RECORDS FOR THIS TASK START

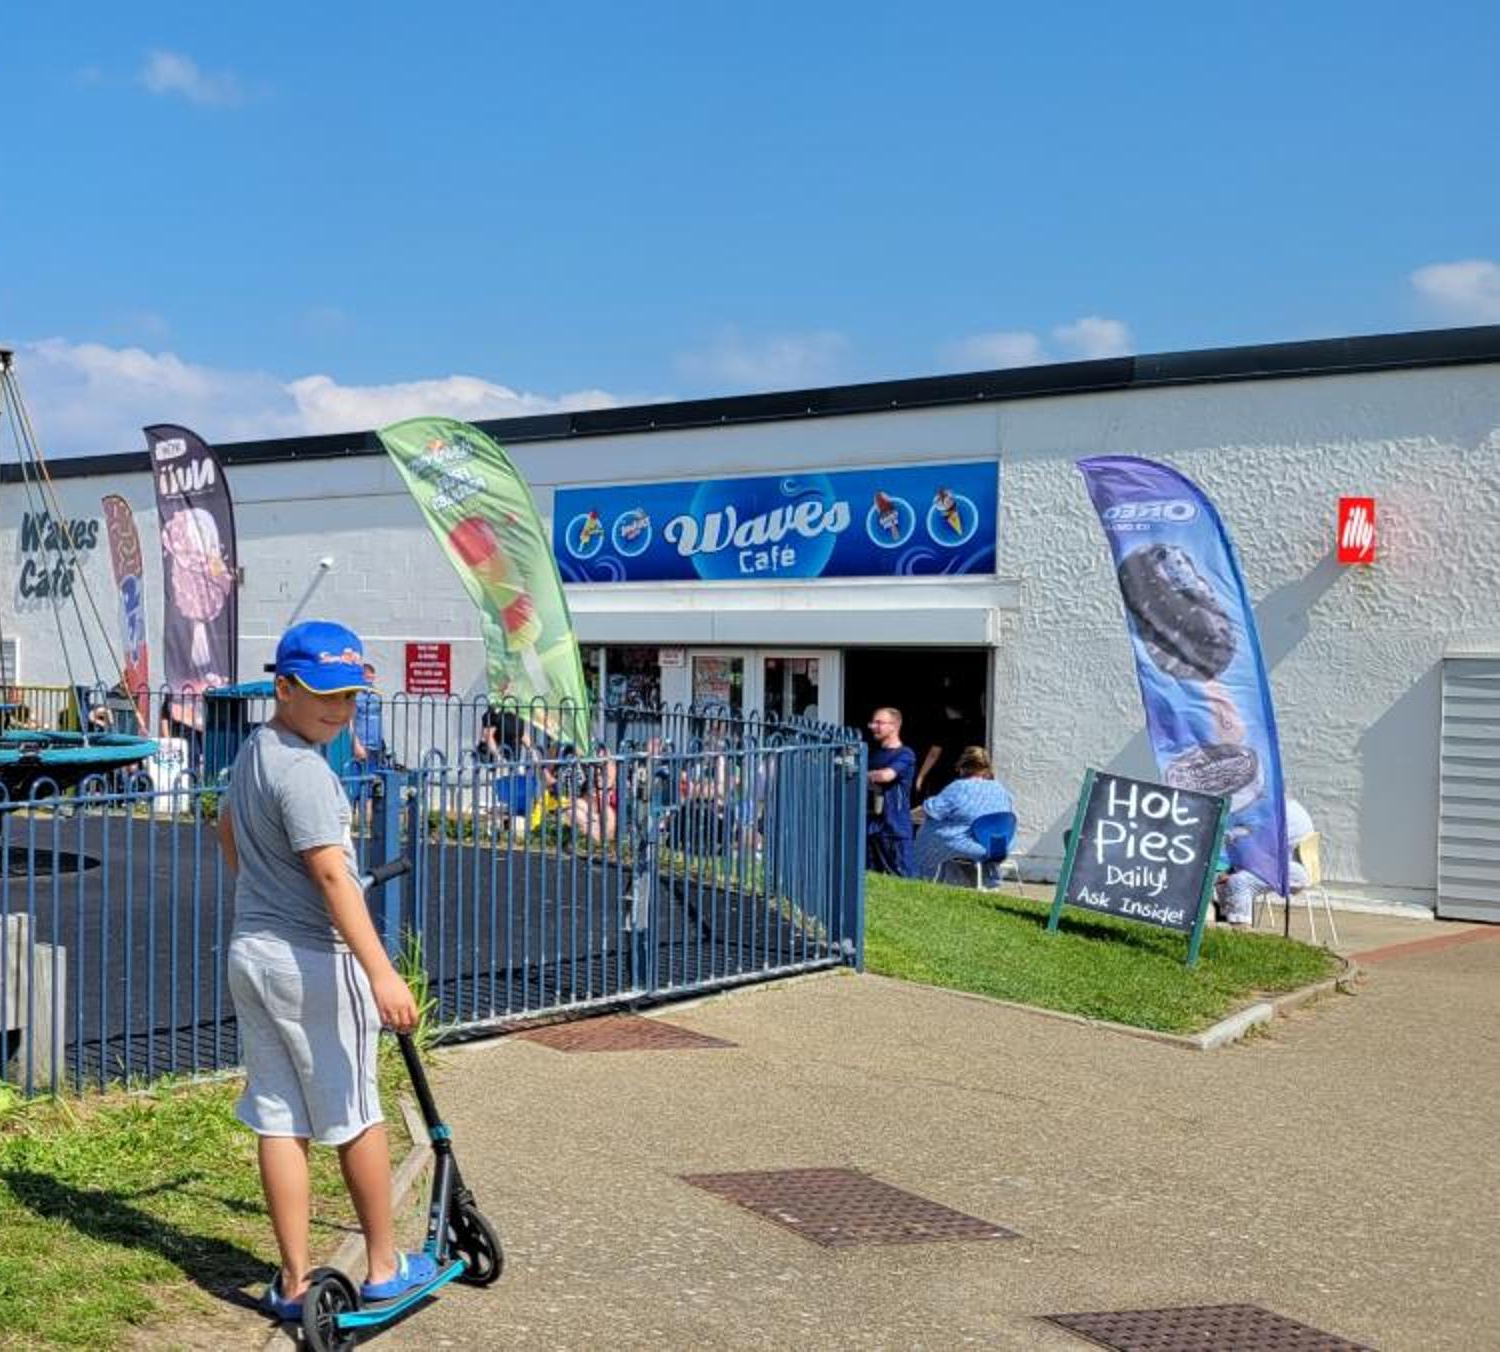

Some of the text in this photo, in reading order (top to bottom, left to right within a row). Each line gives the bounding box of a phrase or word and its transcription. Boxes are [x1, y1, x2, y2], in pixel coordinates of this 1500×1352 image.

[21, 511, 99, 552] Waves
[664, 501, 851, 557] Waves
[1342, 507, 1373, 558] illy
[20, 556, 76, 599] Café
[739, 543, 796, 573] Café
[1108, 780, 1199, 825] Hot
[1094, 820, 1196, 864] Pies
[1105, 864, 1168, 896] Daily!
[1077, 885, 1185, 924] Ask Inside!
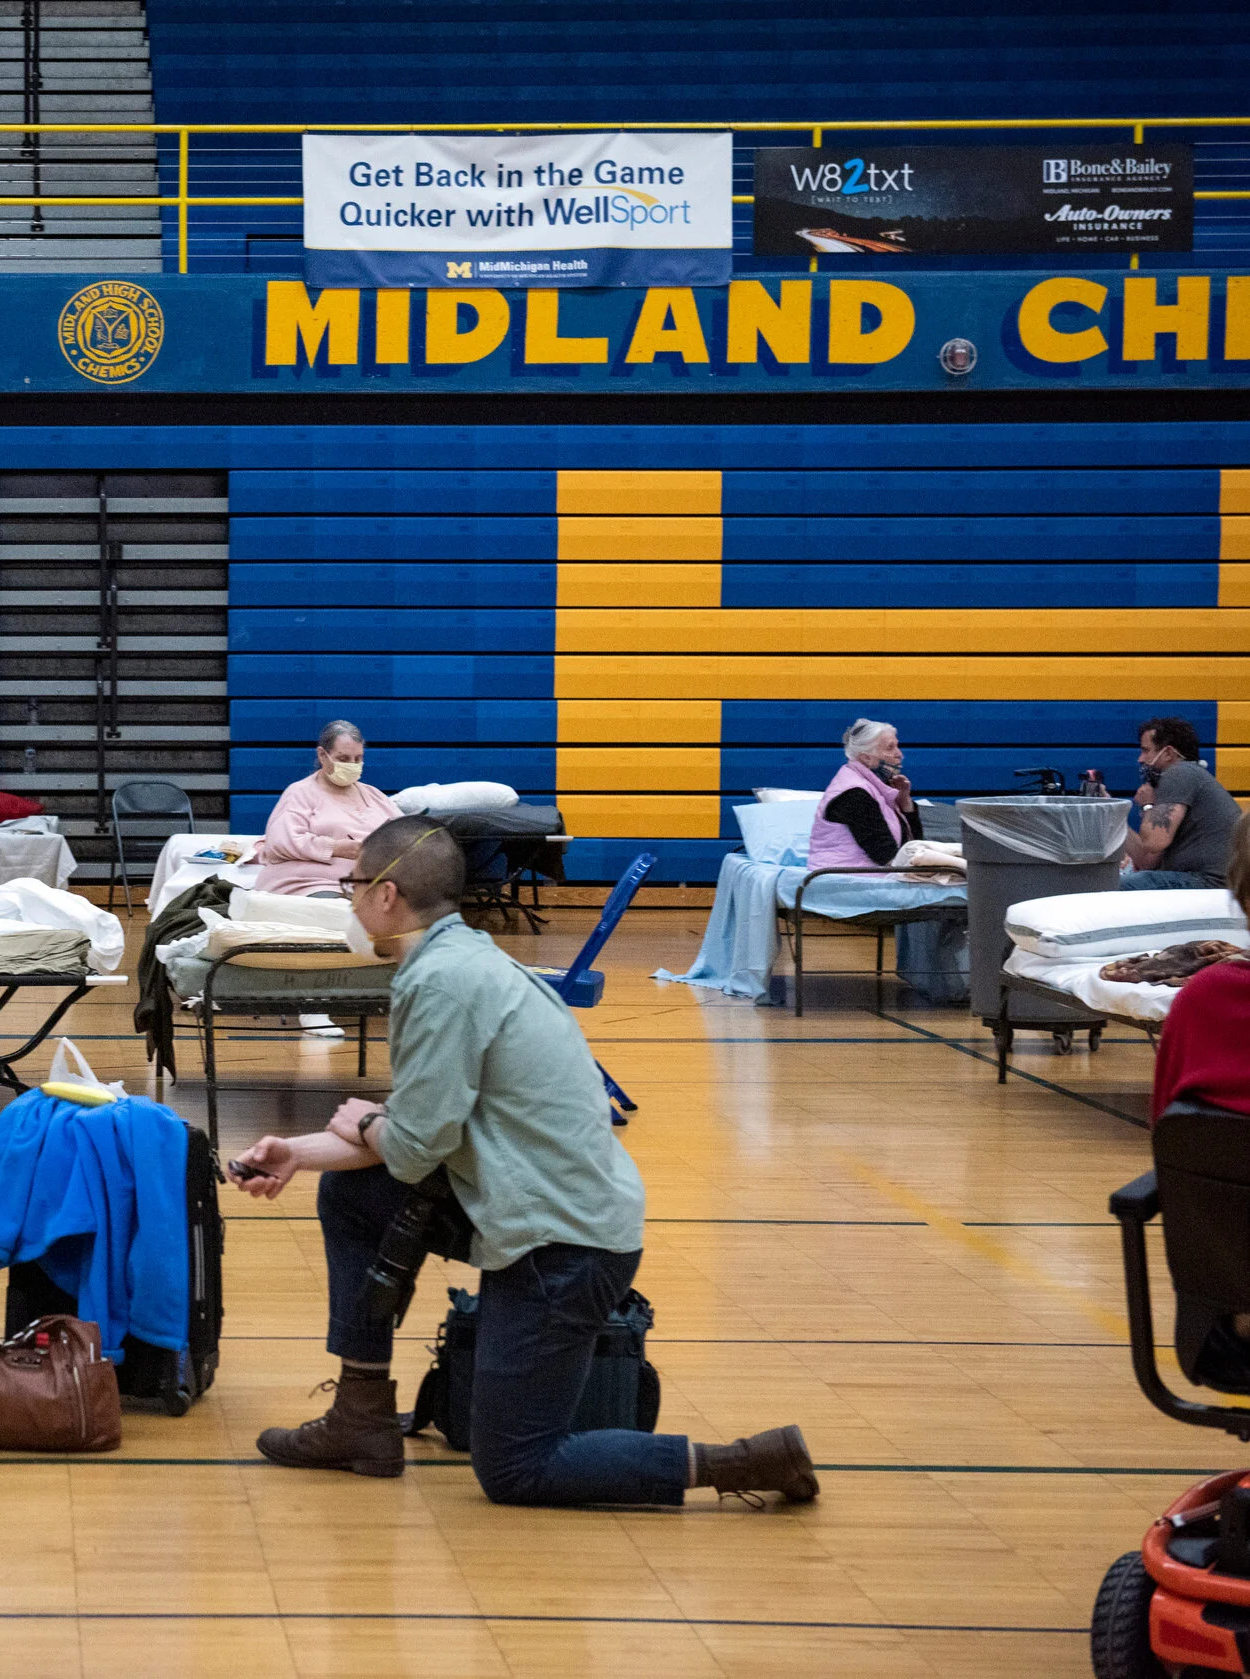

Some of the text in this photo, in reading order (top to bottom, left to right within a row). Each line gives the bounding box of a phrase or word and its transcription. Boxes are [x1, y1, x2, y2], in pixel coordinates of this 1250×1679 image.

[349, 159, 685, 188] Get Back in the Game
[790, 158, 914, 195] W82txt
[1070, 158, 1172, 179] Bone&Bailey
[340, 195, 692, 231] Quicker with WellSport
[1044, 203, 1173, 221] Auto-Owners
[1073, 221, 1144, 231] INSURANCE
[478, 259, 588, 273] MidMichigan Health
[62, 284, 161, 354] MIDLAND HIGH SCHOOL
[265, 280, 915, 368] MIDLAND
[77, 357, 141, 378] CHEMICS
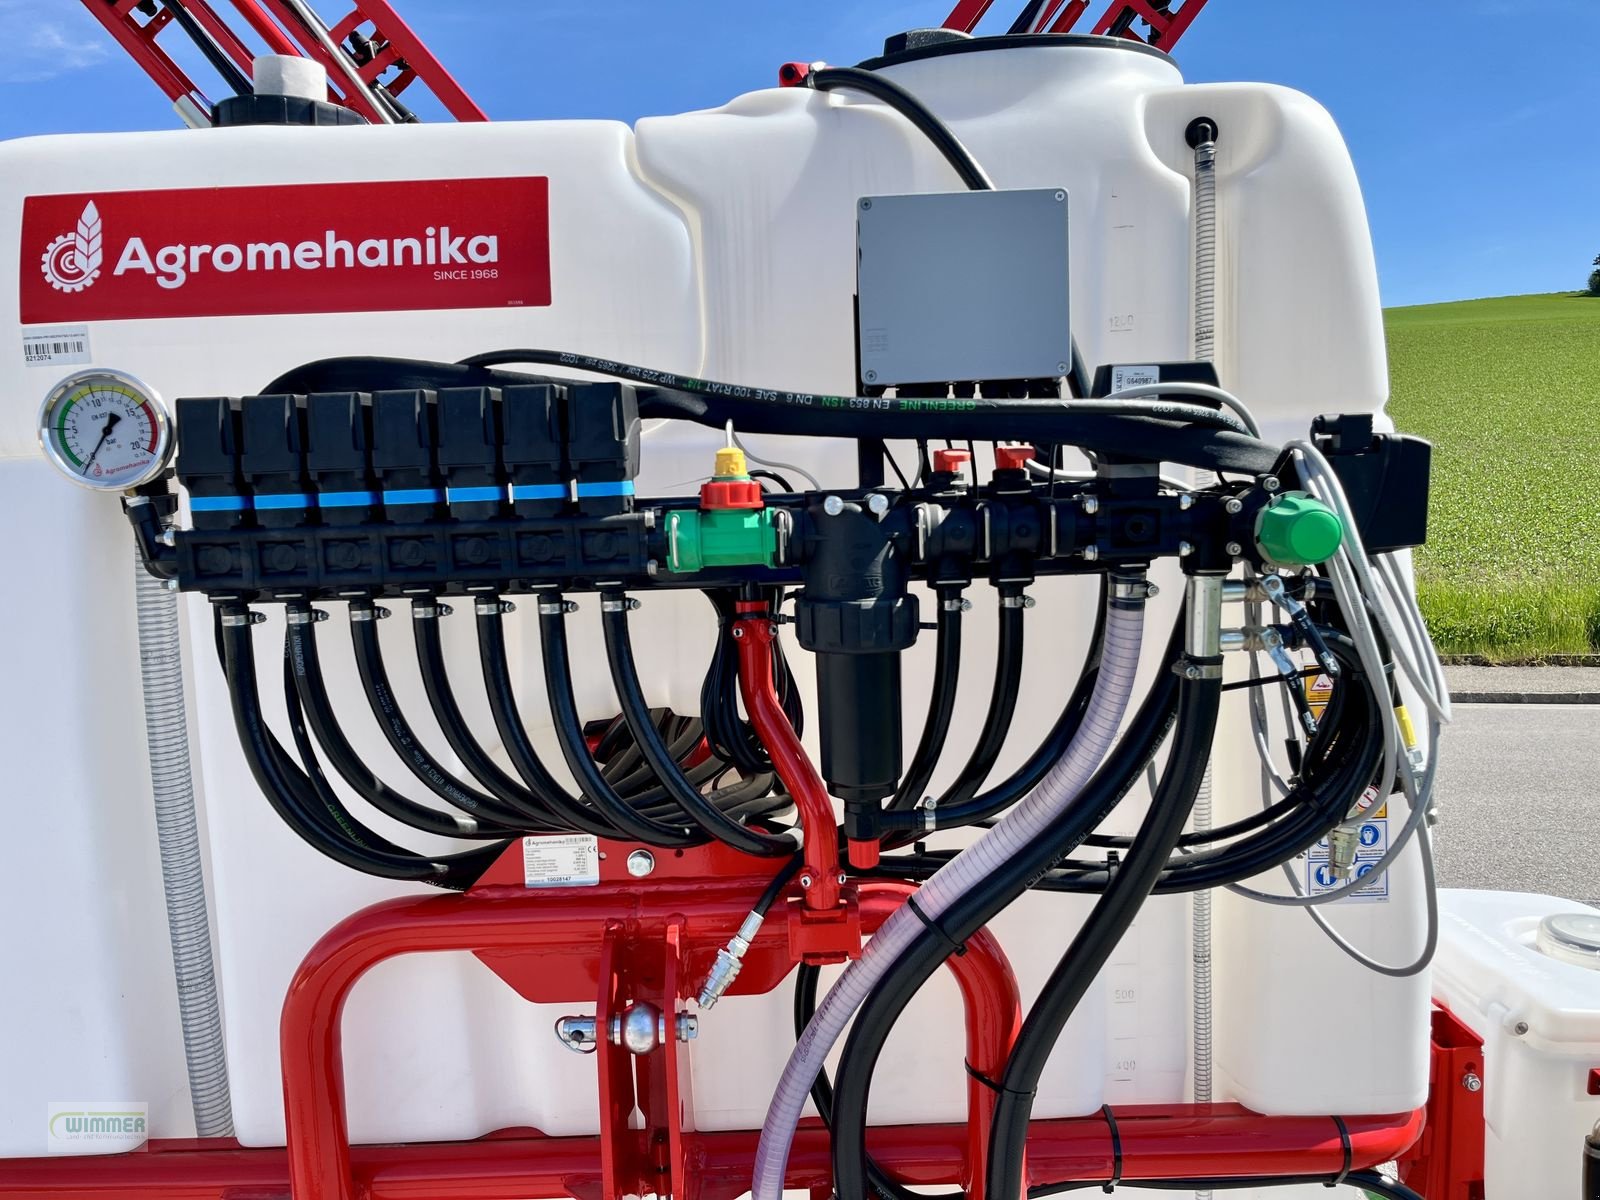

RECORDS FOR THIS TASK END

## EXERCISE DESCRIPTION
Print all of the data exactly, and do not carry over any pictures.

## RESPONSE TO THIS EXERCISE
Some of the text in this photo, in reading order (top to bottom, left to right within a row). Each line gives the bounding box of a phrase or word and its transcription. Boxes are [x1, y1, x2, y2], in pixel coordinates of this 1500×1352 image.

[21, 511, 99, 552] Waves
[664, 501, 851, 557] Waves
[1342, 507, 1373, 558] illy
[20, 556, 76, 599] Café
[739, 543, 796, 573] Café
[1108, 780, 1199, 825] Hot
[1094, 820, 1196, 864] Pies
[1105, 864, 1168, 896] Daily!
[1077, 885, 1185, 924] Ask Inside!

Some of the text in this photo, in reading order (top to bottom, left to right within a row). Each line gives the bounding box of a phrase or word and its transcription. Boxes are [x1, y1, x2, y2], in pixel coordinates of this 1250×1679 image.

[349, 159, 685, 188] Get Back in the Game
[790, 158, 914, 195] W82txt
[1070, 158, 1172, 179] Bone&Bailey
[340, 195, 692, 231] Quicker with WellSport
[1044, 203, 1173, 221] Auto-Owners
[1073, 221, 1144, 231] INSURANCE
[478, 259, 588, 273] MidMichigan Health
[62, 284, 161, 354] MIDLAND HIGH SCHOOL
[265, 280, 915, 368] MIDLAND
[77, 357, 141, 378] CHEMICS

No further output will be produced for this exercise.